TASK DIRECTIONS —
Nothing in the entries may be dropped: restate them word for word.

(Records contained in a dataset)
════

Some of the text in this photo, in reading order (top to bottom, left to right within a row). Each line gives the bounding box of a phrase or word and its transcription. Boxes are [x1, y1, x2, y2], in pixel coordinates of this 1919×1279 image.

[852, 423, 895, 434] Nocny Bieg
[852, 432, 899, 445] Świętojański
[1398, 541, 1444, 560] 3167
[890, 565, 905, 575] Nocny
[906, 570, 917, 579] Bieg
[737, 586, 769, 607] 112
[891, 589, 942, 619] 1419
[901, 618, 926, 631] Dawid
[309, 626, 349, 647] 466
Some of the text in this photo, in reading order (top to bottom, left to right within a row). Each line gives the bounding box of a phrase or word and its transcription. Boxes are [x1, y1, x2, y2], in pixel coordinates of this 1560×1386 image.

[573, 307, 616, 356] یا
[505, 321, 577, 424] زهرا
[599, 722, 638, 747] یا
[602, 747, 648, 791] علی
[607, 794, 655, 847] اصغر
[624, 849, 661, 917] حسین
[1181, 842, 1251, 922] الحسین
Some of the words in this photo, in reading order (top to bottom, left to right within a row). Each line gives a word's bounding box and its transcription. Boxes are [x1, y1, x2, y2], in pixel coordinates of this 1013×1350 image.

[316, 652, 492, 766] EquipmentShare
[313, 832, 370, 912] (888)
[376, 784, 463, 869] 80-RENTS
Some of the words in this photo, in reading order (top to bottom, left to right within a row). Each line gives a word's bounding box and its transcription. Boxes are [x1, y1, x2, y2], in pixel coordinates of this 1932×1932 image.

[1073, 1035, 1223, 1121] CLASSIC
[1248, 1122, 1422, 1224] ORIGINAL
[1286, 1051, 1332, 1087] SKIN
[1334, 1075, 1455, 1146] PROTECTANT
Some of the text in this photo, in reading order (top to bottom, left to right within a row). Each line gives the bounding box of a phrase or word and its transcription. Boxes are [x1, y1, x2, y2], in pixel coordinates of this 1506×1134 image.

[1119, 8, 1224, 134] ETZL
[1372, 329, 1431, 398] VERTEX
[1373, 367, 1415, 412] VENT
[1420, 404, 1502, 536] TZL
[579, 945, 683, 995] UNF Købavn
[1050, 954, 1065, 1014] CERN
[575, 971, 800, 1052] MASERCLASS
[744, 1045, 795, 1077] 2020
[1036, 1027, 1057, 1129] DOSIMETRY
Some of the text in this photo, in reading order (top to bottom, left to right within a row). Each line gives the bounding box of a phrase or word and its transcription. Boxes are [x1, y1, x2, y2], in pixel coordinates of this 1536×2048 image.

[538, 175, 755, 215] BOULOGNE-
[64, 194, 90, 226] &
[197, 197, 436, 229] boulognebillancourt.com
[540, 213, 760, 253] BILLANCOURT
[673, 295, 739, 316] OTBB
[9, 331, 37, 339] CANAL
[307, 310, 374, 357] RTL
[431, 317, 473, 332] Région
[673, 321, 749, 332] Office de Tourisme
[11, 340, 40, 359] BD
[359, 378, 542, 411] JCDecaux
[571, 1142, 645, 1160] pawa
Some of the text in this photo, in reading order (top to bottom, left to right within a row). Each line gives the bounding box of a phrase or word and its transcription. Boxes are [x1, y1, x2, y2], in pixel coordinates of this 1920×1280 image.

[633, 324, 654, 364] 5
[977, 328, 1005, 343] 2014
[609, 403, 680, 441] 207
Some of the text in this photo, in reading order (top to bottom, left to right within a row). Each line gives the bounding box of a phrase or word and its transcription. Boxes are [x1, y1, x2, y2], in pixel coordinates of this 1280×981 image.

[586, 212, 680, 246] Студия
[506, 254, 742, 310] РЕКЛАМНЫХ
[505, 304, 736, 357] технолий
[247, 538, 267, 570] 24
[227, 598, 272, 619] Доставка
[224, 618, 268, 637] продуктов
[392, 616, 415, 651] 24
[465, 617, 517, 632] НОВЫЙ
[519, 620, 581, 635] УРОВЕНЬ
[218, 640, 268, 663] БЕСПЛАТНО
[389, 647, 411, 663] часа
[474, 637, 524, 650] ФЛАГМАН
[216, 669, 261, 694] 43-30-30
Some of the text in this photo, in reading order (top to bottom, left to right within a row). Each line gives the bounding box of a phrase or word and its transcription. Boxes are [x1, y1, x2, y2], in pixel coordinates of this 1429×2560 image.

════

TASK OUTPUT —
Some of the text in this photo, in reading order (top to bottom, left to right within a row). Each line gives the bounding box of a phrase or word and its transcription. Boxes are [x1, y1, x2, y2], in pixel coordinates of this 1919×1279 image.

[852, 423, 895, 434] Nocny Bieg
[852, 432, 899, 445] Świętojański
[1398, 541, 1444, 560] 3167
[890, 565, 905, 575] Nocny
[906, 570, 917, 579] Bieg
[737, 586, 769, 607] 112
[891, 589, 942, 619] 1419
[901, 618, 926, 631] Dawid
[309, 626, 349, 647] 466
Some of the text in this photo, in reading order (top to bottom, left to right within a row). Each line gives the bounding box of a phrase or word and its transcription. Boxes are [x1, y1, x2, y2], in pixel coordinates of this 1560×1386 image.

[573, 307, 616, 356] یا
[505, 321, 577, 424] زهرا
[599, 722, 638, 747] یا
[602, 747, 648, 791] علی
[607, 794, 655, 847] اصغر
[624, 849, 661, 917] حسین
[1181, 842, 1251, 922] الحسین
Some of the words in this photo, in reading order (top to bottom, left to right within a row). Each line gives a word's bounding box and its transcription. Boxes are [x1, y1, x2, y2], in pixel coordinates of this 1013×1350 image.

[316, 652, 492, 766] EquipmentShare
[313, 832, 370, 912] (888)
[376, 784, 463, 869] 80-RENTS
Some of the words in this photo, in reading order (top to bottom, left to right within a row). Each line gives a word's bounding box and its transcription. Boxes are [x1, y1, x2, y2], in pixel coordinates of this 1932×1932 image.

[1073, 1035, 1223, 1121] CLASSIC
[1248, 1122, 1422, 1224] ORIGINAL
[1286, 1051, 1332, 1087] SKIN
[1334, 1075, 1455, 1146] PROTECTANT
Some of the text in this photo, in reading order (top to bottom, left to right within a row). Each line gives the bounding box of a phrase or word and its transcription. Boxes are [x1, y1, x2, y2], in pixel coordinates of this 1506×1134 image.

[1119, 8, 1224, 134] ETZL
[1372, 329, 1431, 398] VERTEX
[1373, 367, 1415, 412] VENT
[1420, 404, 1502, 536] TZL
[579, 945, 683, 995] UNF Købavn
[1050, 954, 1065, 1014] CERN
[575, 971, 800, 1052] MASERCLASS
[744, 1045, 795, 1077] 2020
[1036, 1027, 1057, 1129] DOSIMETRY
Some of the text in this photo, in reading order (top to bottom, left to right within a row). Each line gives the bounding box of a phrase or word and its transcription. Boxes are [x1, y1, x2, y2], in pixel coordinates of this 1536×2048 image.

[538, 175, 755, 215] BOULOGNE-
[64, 194, 90, 226] &
[197, 197, 436, 229] boulognebillancourt.com
[540, 213, 760, 253] BILLANCOURT
[673, 295, 739, 316] OTBB
[9, 331, 37, 339] CANAL
[307, 310, 374, 357] RTL
[431, 317, 473, 332] Région
[673, 321, 749, 332] Office de Tourisme
[11, 340, 40, 359] BD
[359, 378, 542, 411] JCDecaux
[571, 1142, 645, 1160] pawa
Some of the text in this photo, in reading order (top to bottom, left to right within a row). Each line gives the bounding box of a phrase or word and its transcription. Boxes are [x1, y1, x2, y2], in pixel coordinates of this 1920×1280 image.

[633, 324, 654, 364] 5
[977, 328, 1005, 343] 2014
[609, 403, 680, 441] 207
Some of the text in this photo, in reading order (top to bottom, left to right within a row). Each line gives the bounding box of a phrase or word and its transcription. Boxes are [x1, y1, x2, y2], in pixel coordinates of this 1280×981 image.

[586, 212, 680, 246] Студия
[506, 254, 742, 310] РЕКЛАМНЫХ
[505, 304, 736, 357] технолий
[247, 538, 267, 570] 24
[227, 598, 272, 619] Доставка
[224, 618, 268, 637] продуктов
[392, 616, 415, 651] 24
[465, 617, 517, 632] НОВЫЙ
[519, 620, 581, 635] УРОВЕНЬ
[218, 640, 268, 663] БЕСПЛАТНО
[389, 647, 411, 663] часа
[474, 637, 524, 650] ФЛАГМАН
[216, 669, 261, 694] 43-30-30
Some of the text in this photo, in reading order (top to bottom, left to right within a row). Each line gives the bounding box of a phrase or word and its transcription. Boxes are [x1, y1, x2, y2], in pixel coordinates of this 1429×2560 image.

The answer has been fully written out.